Yes, it will. So please, Mr. Ryan, have the decency to stop giving those speeches in which you tell us about the depth of your concern about the poor and how you became interested in poverty “at a young age.” No one who would risk throwing so many poor people off health insurance with those enormous Medicaid reductions to score a political victory can claim any real interest in the welfare of the neediest Americans. Stick to tax cuts. At least you have convictions about those.

18) Dallas police officer (rightly) charged with murder.  This simply does not happen in a million years without body cameras.  Body cameras are not a panacea, but they are a step in the right direction.

19) Love this quote from Milbank on Comey:

If Comey is mildly nauseated by the thought that he had “some impact,” he should have his face over the toilet bowl when he considers that he handed Trump the presidency. Certainly, there were many factors behind Clinton’s loss. But in an election this close there can be no doubt that Comey’s action was enough to swing the outcome.

20) And, while we’re at it, if you doubt that Comey should be puking his guts out, you have Nate Silver’s very thorough analysis to contend with.

21) I liked this Op-ed arguing against a pro-choice litmus test for the Democratic party.  I don’t think there should be any single litmus test.

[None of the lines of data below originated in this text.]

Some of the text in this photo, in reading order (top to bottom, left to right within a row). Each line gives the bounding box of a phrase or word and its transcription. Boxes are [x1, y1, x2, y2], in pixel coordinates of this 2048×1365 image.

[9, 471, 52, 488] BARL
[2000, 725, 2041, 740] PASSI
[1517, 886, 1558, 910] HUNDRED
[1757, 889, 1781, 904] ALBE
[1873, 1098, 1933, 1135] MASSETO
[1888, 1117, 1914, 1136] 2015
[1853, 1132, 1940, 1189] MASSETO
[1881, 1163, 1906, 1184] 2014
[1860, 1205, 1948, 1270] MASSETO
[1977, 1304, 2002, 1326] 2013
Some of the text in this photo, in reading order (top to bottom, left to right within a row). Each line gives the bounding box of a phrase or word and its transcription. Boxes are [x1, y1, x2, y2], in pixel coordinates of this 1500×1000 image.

Equating non-support of abortion to a total abandonment of women’s rights, the way a pointed headline in New York Magazine did last month, ignores the reality that women’s rights should include far more than that — from an end to pervasive sexual harassment to broader support for mothers. And yes, economic factors may play a role for many women deciding whether to obtain abortions. But suggesting, as did ThinkProgress’s Bryce Covert in a recent New York Times op-ed, that an unyielding abortion rights stance is the only way to ensure women’s ability to achieve financial security confuses cause and effect.

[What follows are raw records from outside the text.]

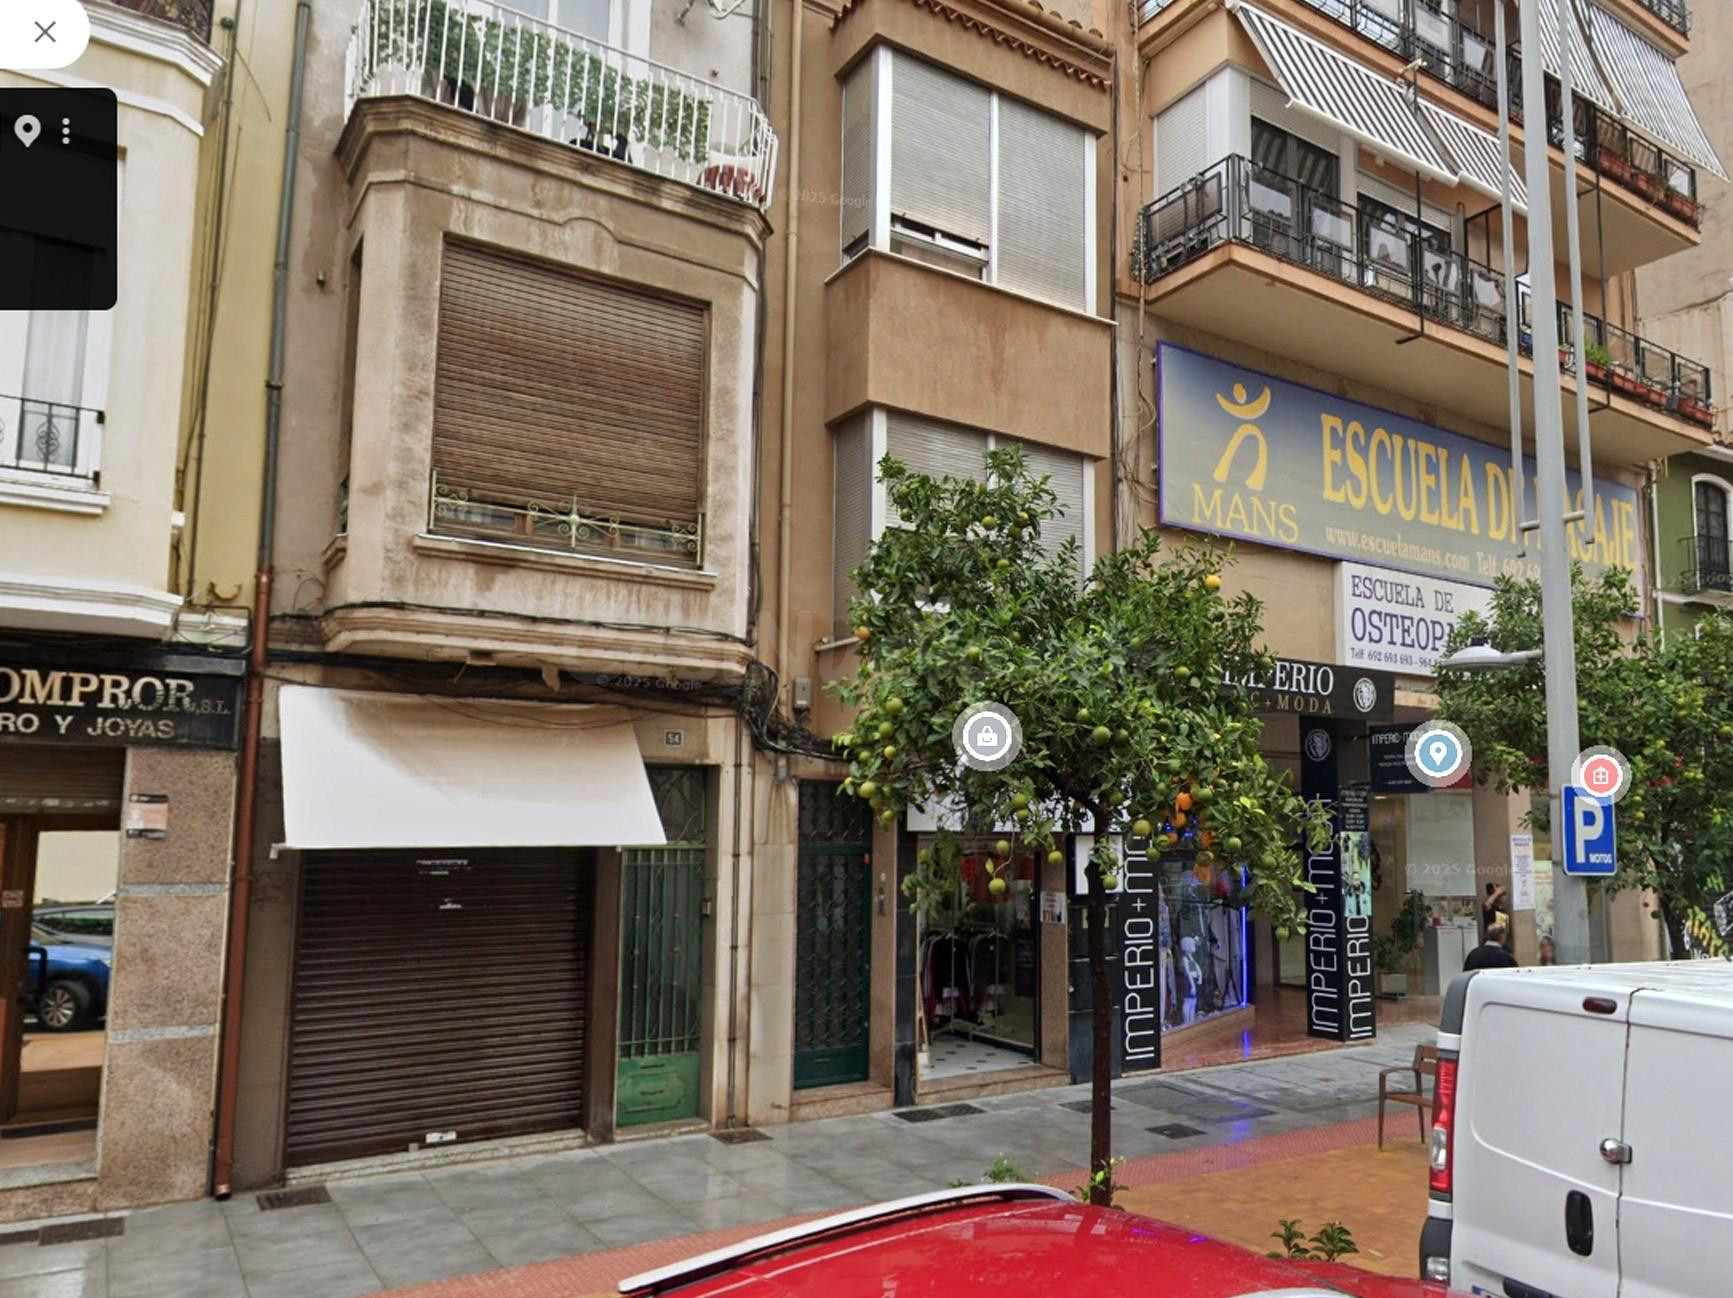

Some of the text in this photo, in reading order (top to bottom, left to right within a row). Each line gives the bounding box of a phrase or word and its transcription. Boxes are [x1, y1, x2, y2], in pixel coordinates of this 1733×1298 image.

[1321, 413, 1479, 536] ESCUELA
[1192, 482, 1299, 543] MANS
[1325, 527, 1470, 572] www.escuelamans.com
[1351, 574, 1454, 613] ESCUELA DE
[1368, 650, 1382, 662] 692
[54, 714, 74, 734] Y
[87, 716, 175, 738] JOYAS
[1277, 694, 1332, 714] MODA
[1574, 796, 1604, 863] P
[1589, 853, 1613, 864] MOTOS
[1125, 918, 1154, 1060] IMPERIO
[1310, 909, 1339, 1033] IMPERIO
[1346, 915, 1374, 1038] IMPERIO
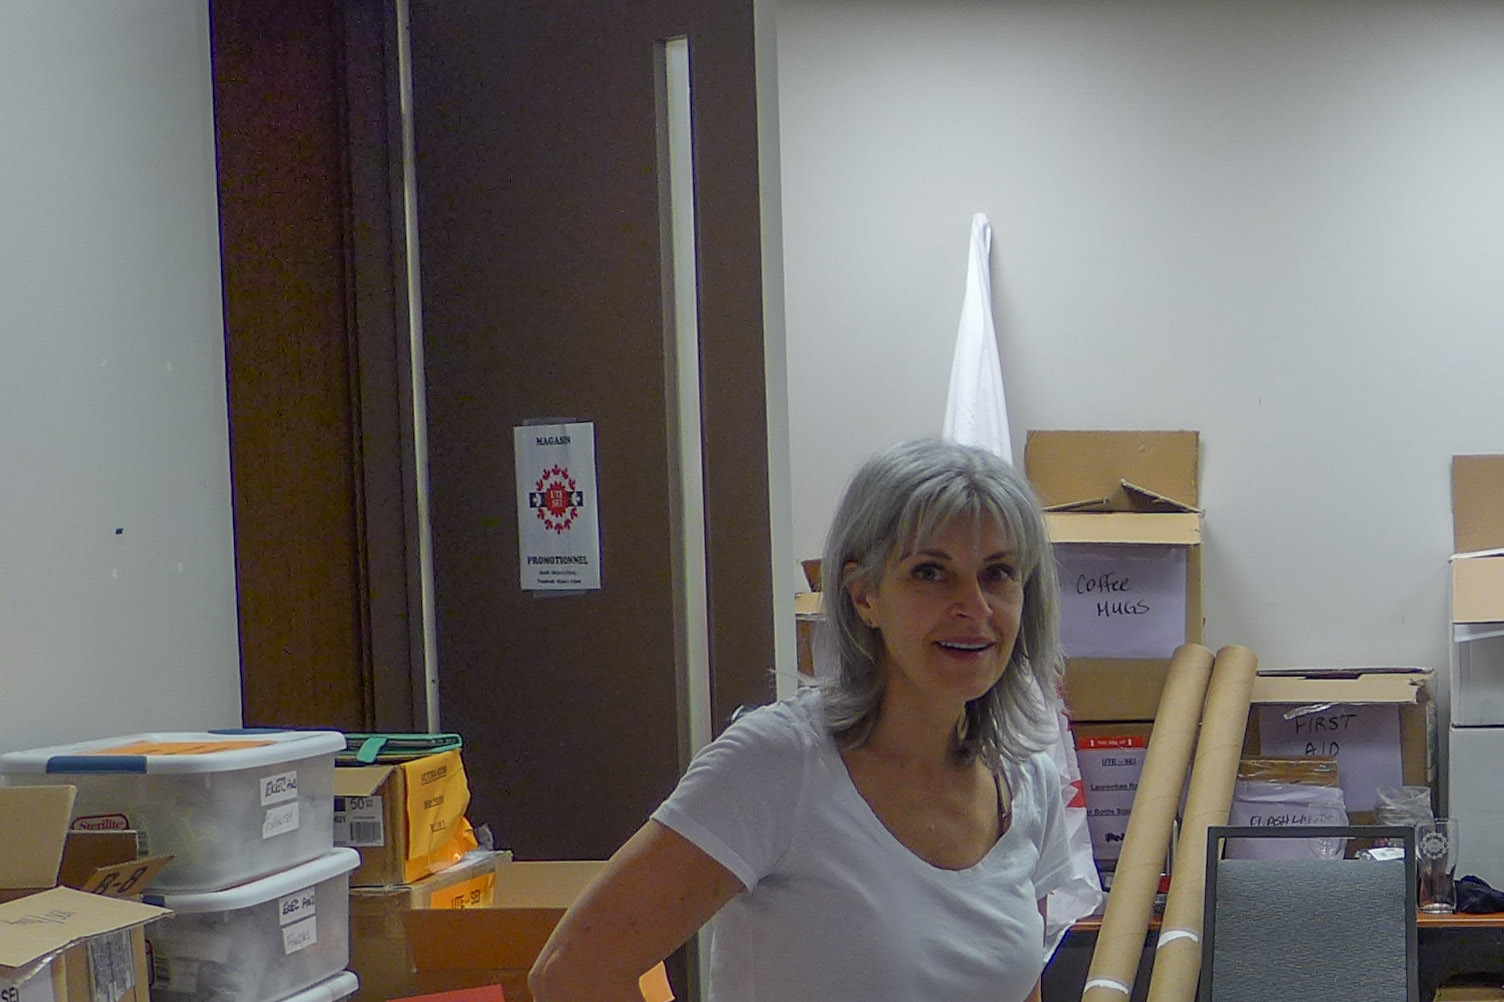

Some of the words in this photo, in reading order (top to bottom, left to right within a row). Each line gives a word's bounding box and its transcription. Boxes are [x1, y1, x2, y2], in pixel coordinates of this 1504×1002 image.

Equating progressivism with being pro-abortion rights assumes that providing a single, simple solution — making it easier to terminate pregnancies — is worth more effort than addressing the root causes of the problem. An equally if not more progressive strategy might focus instead on addressing the lack of maternal leave and child-care policies, demanding a living wage, and pushing back against an economic system that penalizes women for having and rearing children in the first place. And while one might argue that Democrats are already doing all of the above, the willingness to excommunicate those who disagree with one strategy even if they adhere to all others makes it clear which issue matters the most.

22) Solid Jamelle Bouie piece on Trump and the Civil War.

 23) Scientific American uses science and typologies to explain why some people don’t return their shopping carts.  That’s a little unnecessary.  I’ll tell you in four words– they are selfish jerks.

24) Being cited by Nate Cohn in nytimes.com— I’d call that a good day.  One of the best semi-random emails I ever sent was to Seth Masket about the 2010 health care vote.

But the Affordable Care Act did a lot of damage to the House Democrats who voted it into law.

study by the political scientists Brendan Nyhan, Eric McGhee, John Sides, Seth Masket and Steven Greene showed that the Democrats who voted against the A.C.A. outperformed those who voted for it by a net 10 to 15 points in 2010. (Mr. Nyhan is an Upshot contributor.) Our estimates are lower, at around 5 to 10 points, in part because many of the Democratic A.C.A. opponents fared particularly well in the 2008 elections, but it’s a considerable effect either way. (Our estimates are based on the results of recent congressional and presidential elections by district, member ideology and whether the candidates voted for the A.C.A.)…

These results tell a pretty clear story about who could be hurt the most this midterm: the Republicans who ran well ahead of the national party in 2016 but who voted for the A.H.C.A. and were subsequently seen as no different from Donald J. Trump. On the other hand, a similar Republican who voted against the Republican plan might have just taken a modest step toward electoral survival.

25) Catherine Rampell nails it again.  Perfectly captured in the headline, “What do Bigfoot and moderate Republicans have in common?”